Another issue, particularly with CPOEs, is that it’s easy to have a test repeated on a daily basis when you order it the first time; you just hit the repeat button and the patients have their blood drawn every day, no matter what. We were hoping that our providers would think about whether they should have that repeat button on and, if you have that repeat button on, why not order the BMP instead of the CMP? We certainly saw evidence that that happened.
The day we rolled out the study, I heard residents say they were excited to see the costs for the tests they were ordering and had not thought about it before. We didn’t have responses like, “Oh, costs shouldn’t be involved in health care,” or “Why would they give us this information?” Just, “This is great, the more information we have the more empowered we are.” That was very reassuring. [pagebreak]
Dr. Van Voorhees: Do you think that these findings are applicable in the dermatologic community? We are not often hospital-based, and are less regularly dealing with inpatients. Would you anticipate that we would have similar outcomes?
Dr. Feldman: Where we had the biggest bang for our buck was in frequently ordered tests that otherwise seem inexpensive but add up when you’re ordering thousands and thousands of them. In the world of dermatology I don’t imagine there’s the same volume of inexpensive but frequently ordered tests.
But the basic philosophy remains the same: We should only be ordering tests that we think are going to change outcomes or management. We should know why we’re ordering tests and how we’re going to use the results; we should understand the tests we’re ordering and not then order other tests based on spurious results or results we can’t interpret because you wouldn’t have been able to interpret it no matter what result you got.
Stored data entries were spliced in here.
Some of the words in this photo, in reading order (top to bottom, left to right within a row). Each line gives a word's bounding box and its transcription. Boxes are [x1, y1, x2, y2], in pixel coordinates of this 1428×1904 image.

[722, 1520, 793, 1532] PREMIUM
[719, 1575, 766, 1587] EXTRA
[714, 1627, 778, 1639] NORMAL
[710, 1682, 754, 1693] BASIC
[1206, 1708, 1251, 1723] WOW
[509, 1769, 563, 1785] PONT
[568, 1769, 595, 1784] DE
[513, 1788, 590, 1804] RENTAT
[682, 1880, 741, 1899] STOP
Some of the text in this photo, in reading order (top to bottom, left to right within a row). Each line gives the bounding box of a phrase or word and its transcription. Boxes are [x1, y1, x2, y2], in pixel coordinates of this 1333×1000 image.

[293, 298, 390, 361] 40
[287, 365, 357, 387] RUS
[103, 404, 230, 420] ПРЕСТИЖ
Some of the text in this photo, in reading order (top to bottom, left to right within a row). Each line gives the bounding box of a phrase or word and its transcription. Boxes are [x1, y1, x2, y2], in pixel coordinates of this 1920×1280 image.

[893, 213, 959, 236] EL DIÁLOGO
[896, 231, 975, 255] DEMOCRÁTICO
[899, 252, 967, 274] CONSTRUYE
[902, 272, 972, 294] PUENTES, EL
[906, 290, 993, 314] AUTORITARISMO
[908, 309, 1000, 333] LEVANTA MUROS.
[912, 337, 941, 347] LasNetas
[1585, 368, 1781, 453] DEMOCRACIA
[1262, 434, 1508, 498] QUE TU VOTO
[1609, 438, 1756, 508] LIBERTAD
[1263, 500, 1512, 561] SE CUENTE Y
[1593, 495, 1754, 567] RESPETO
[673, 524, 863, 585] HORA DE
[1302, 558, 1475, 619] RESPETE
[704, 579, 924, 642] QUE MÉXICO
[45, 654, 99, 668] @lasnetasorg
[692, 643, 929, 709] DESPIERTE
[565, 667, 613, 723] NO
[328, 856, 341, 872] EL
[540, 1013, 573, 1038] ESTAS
Our approach should always be high-value and cost-conscious no matter what the setting. My guess is that dermatologists’ ordering habits are not in the same ballpark as internists in an inpatient setting so I don’t know if you’d see, overall, the same cost savings. But the basic premise is germane to all.
The bottom line is that you need to order tests when you think it will make a difference in the patient’s care. My hope is that the dermatology community orders more tests when caring for patients with a high pre-test probability for significant disease processes where the results of the tests are likely to change management and improve the patient’s health outcomes. Then it’s really appropriate to order the tests! But when we’re ordering tests in low pre-test probability situations or when the test isn’t going to change management, I think we can all learn to not test just for the sake of testing. Then we may really begin to provide high-value, cost-conscious care.
Dr. Feldman is assistant professor of medicine and pediatrics at the Johns Hopkins University School of Medicine. His article was published online April 15 in JAMA Internal Medicine, 2013;():1-6. doi:10.1001/jamainternmed.2013.232.